- _DIRECTIONS FOR THIS TASK_
Starting with the line that contains "this 1500×1125 image.", copy every remaining line of the data below exactly, the last one included.

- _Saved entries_
--------------------------------------------------
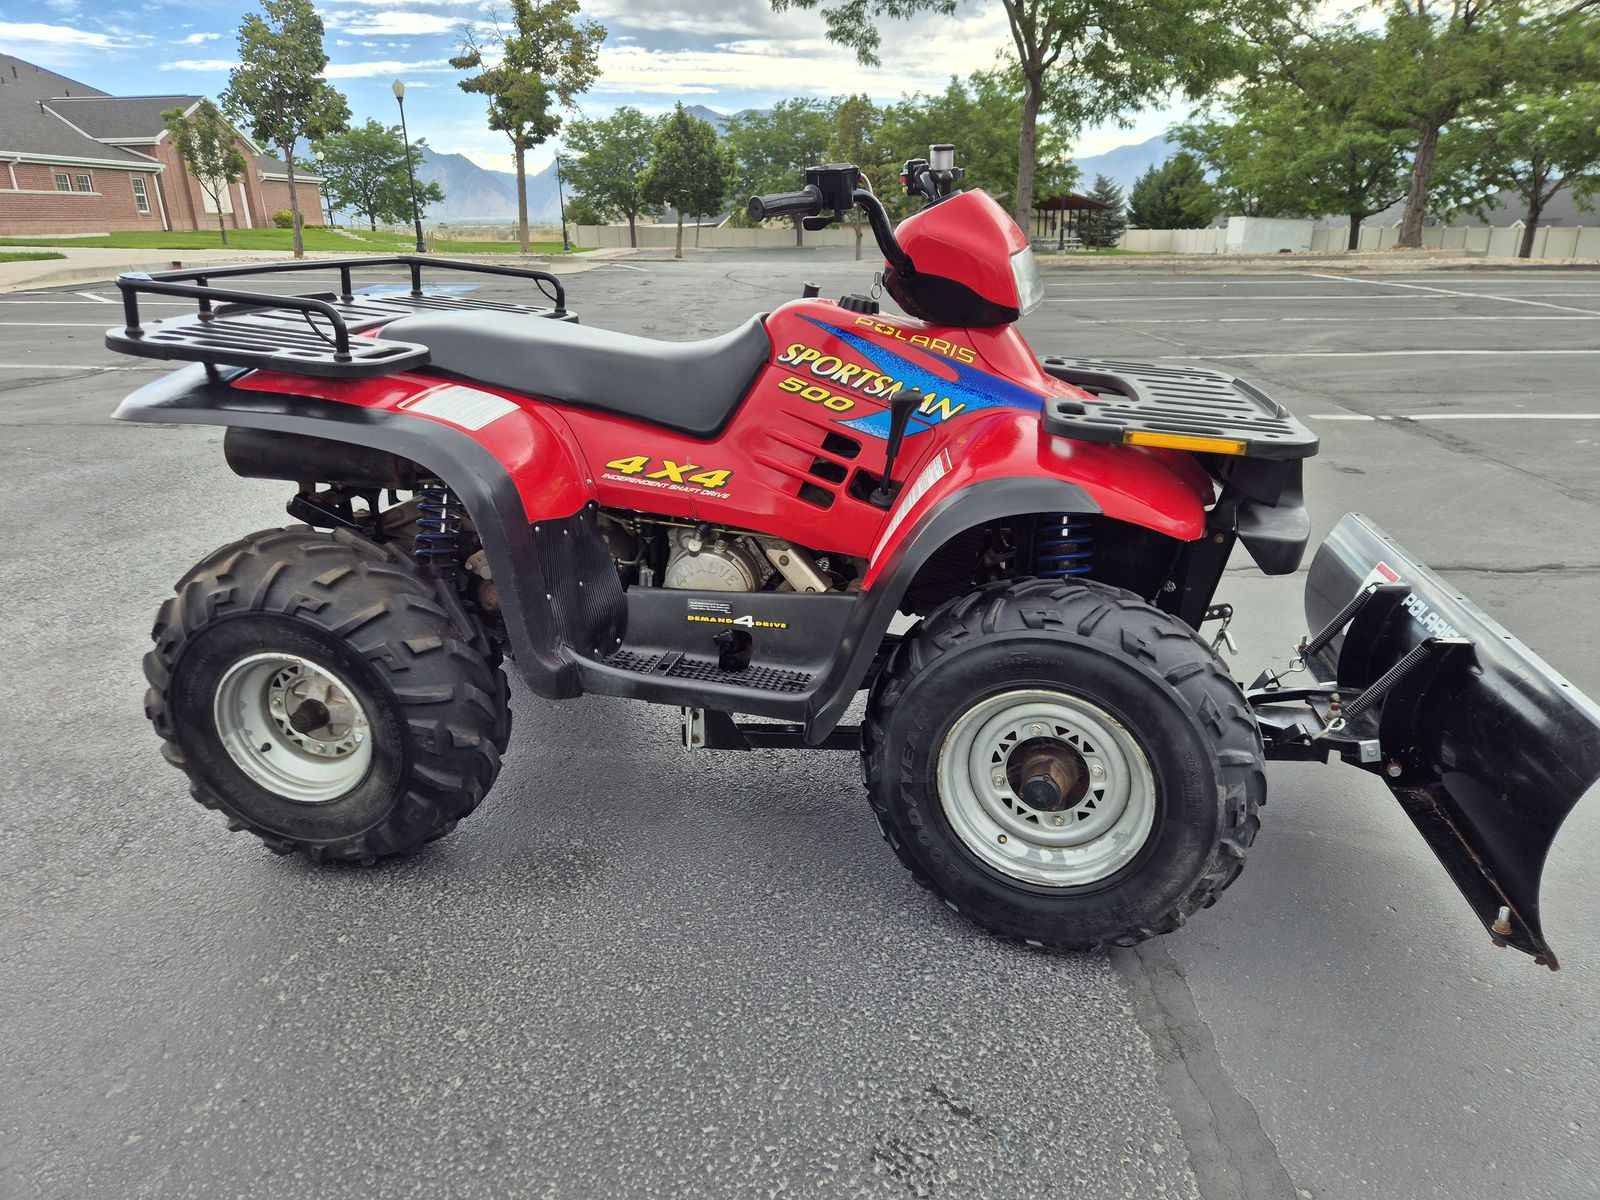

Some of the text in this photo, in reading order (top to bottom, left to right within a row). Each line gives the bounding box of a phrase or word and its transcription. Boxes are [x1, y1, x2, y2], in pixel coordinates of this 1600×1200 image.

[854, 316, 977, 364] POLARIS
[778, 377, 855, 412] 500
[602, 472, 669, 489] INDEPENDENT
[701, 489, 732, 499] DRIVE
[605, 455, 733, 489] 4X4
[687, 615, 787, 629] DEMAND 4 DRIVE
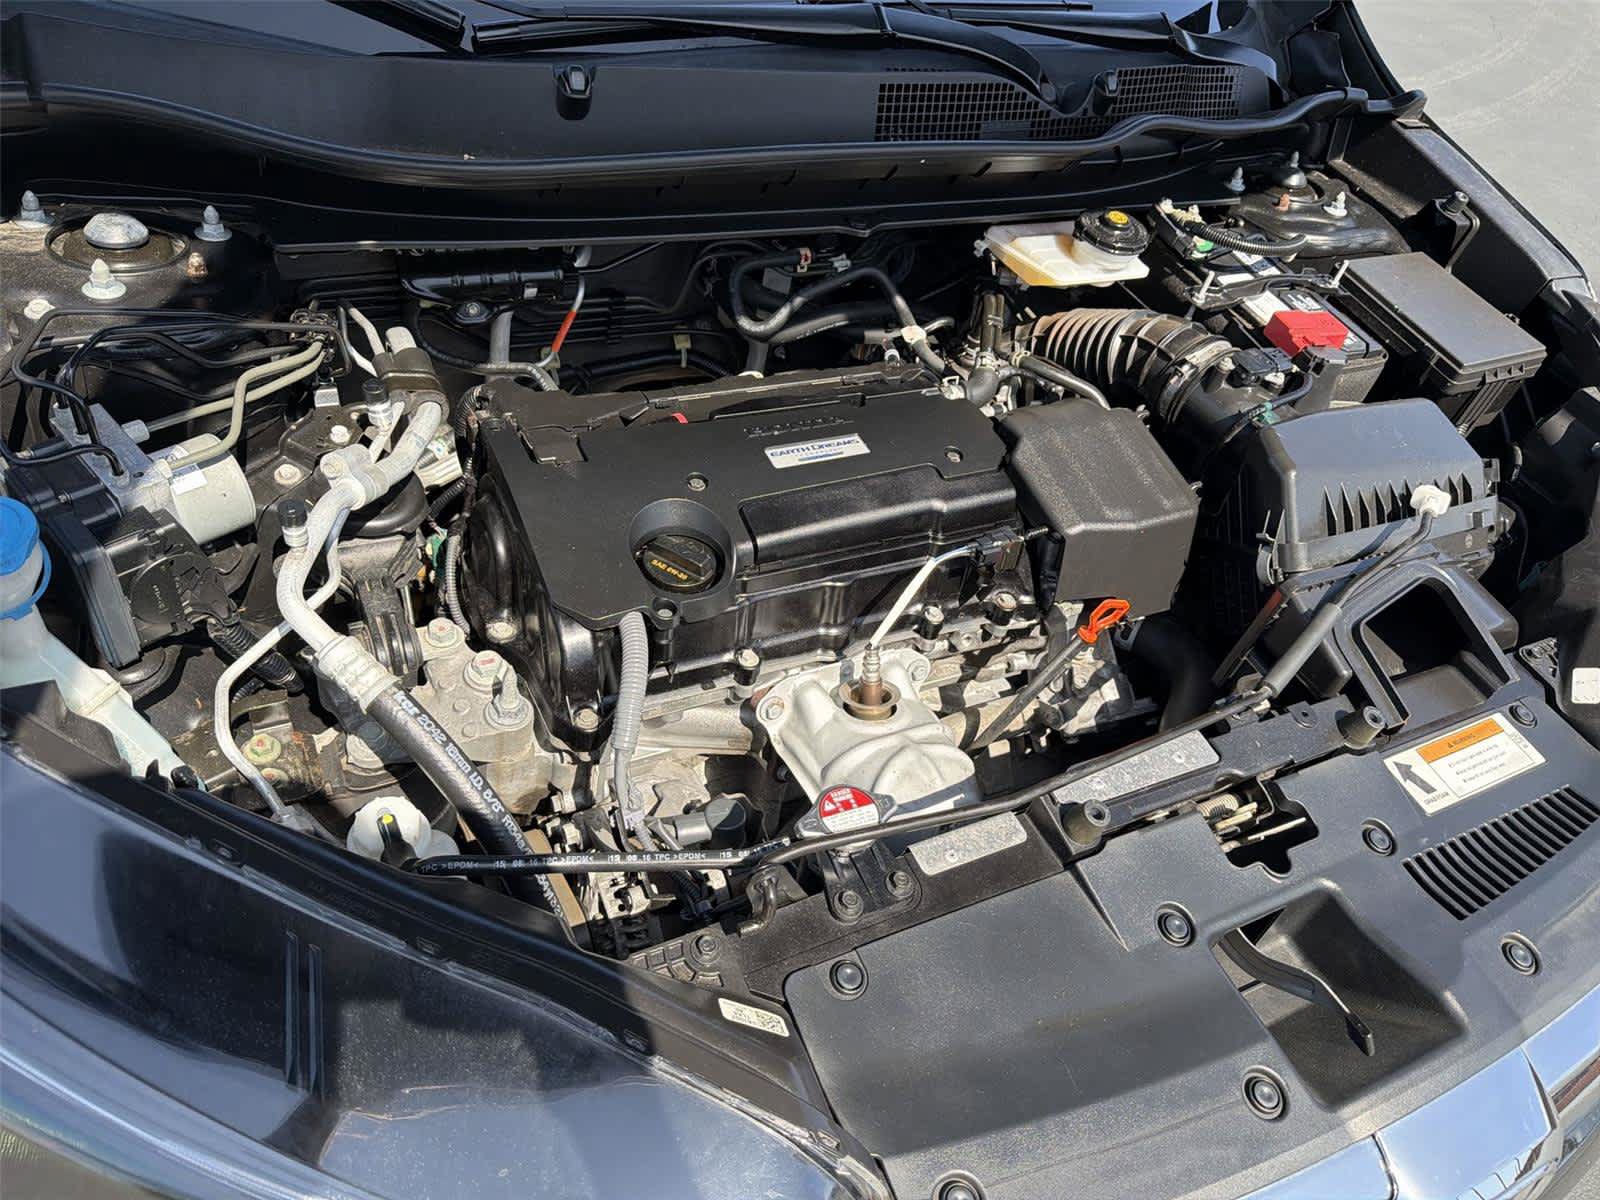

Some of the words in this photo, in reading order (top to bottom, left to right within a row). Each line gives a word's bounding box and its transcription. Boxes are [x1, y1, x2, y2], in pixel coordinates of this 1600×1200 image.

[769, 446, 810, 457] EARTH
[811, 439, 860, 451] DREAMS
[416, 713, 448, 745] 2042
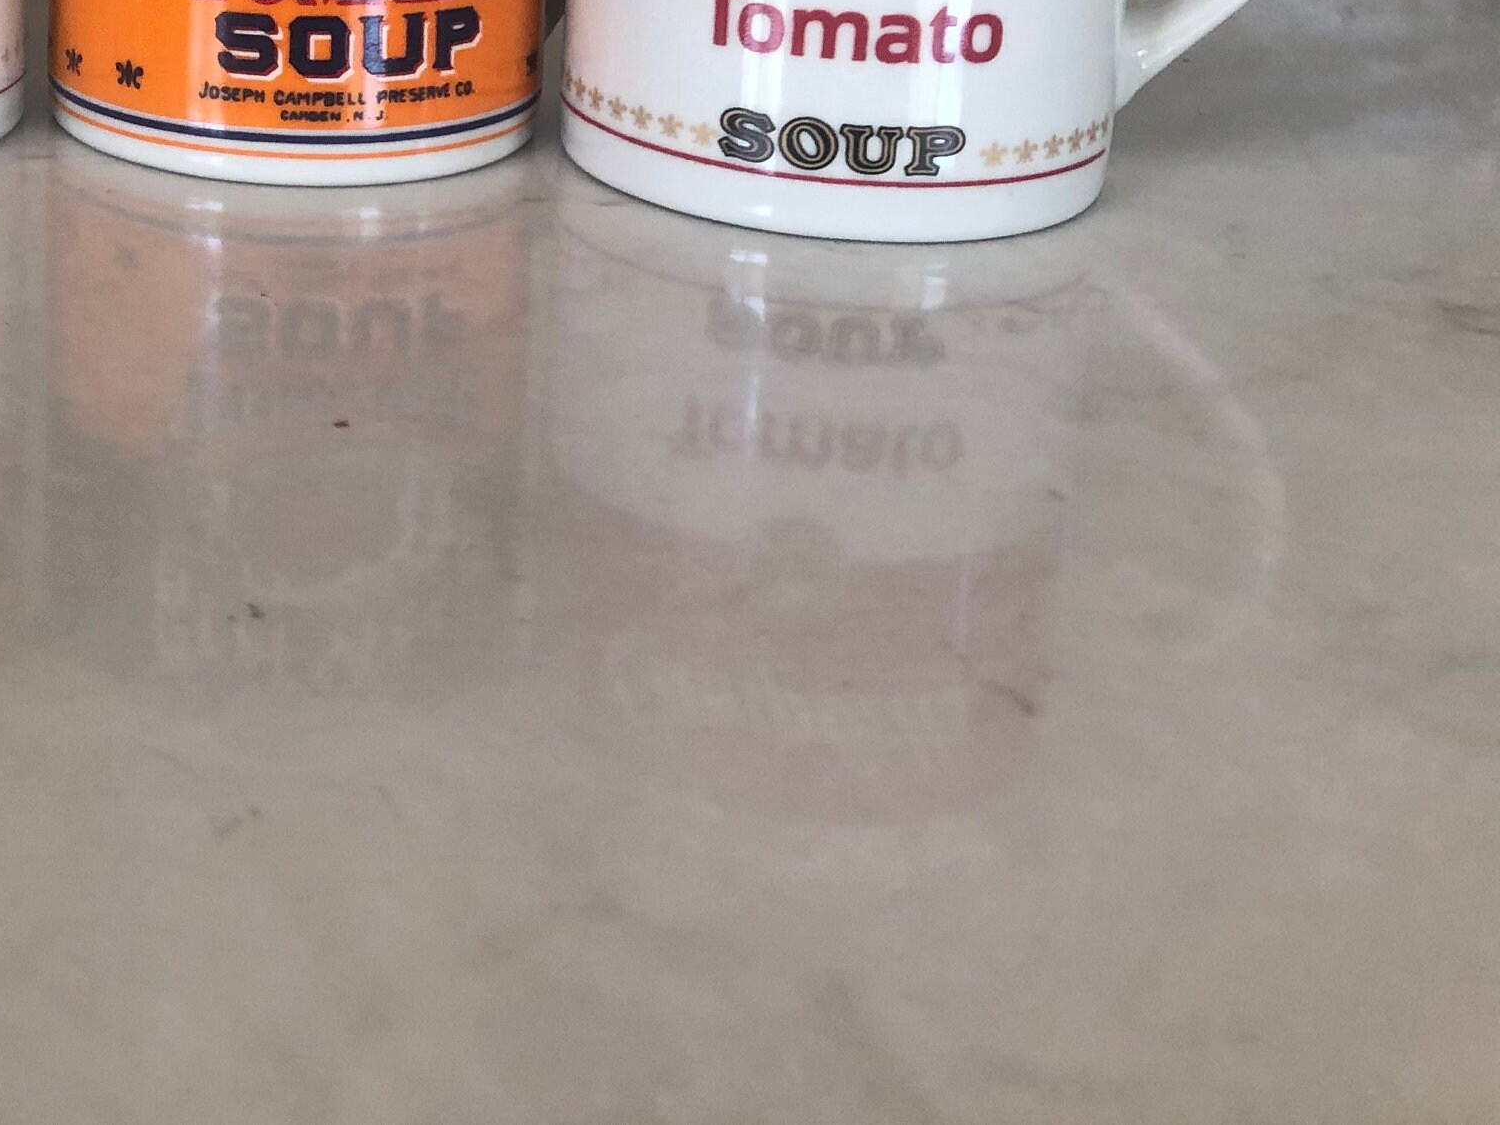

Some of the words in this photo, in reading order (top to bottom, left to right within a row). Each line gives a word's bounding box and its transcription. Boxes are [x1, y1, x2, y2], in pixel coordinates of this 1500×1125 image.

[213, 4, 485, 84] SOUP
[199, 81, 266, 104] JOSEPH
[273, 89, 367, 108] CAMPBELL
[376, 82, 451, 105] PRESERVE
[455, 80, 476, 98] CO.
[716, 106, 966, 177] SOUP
--------------------------------------------------
- _THE COMPLETED TASK_
Some of the words in this photo, in reading order (top to bottom, left to right within a row). Each line gives a word's bounding box and its transcription. Boxes are [x1, y1, x2, y2], in pixel coordinates of this 1500×1125 image.

[213, 4, 485, 84] SOUP
[199, 81, 266, 104] JOSEPH
[273, 89, 367, 108] CAMPBELL
[376, 82, 451, 105] PRESERVE
[455, 80, 476, 98] CO.
[716, 106, 966, 177] SOUP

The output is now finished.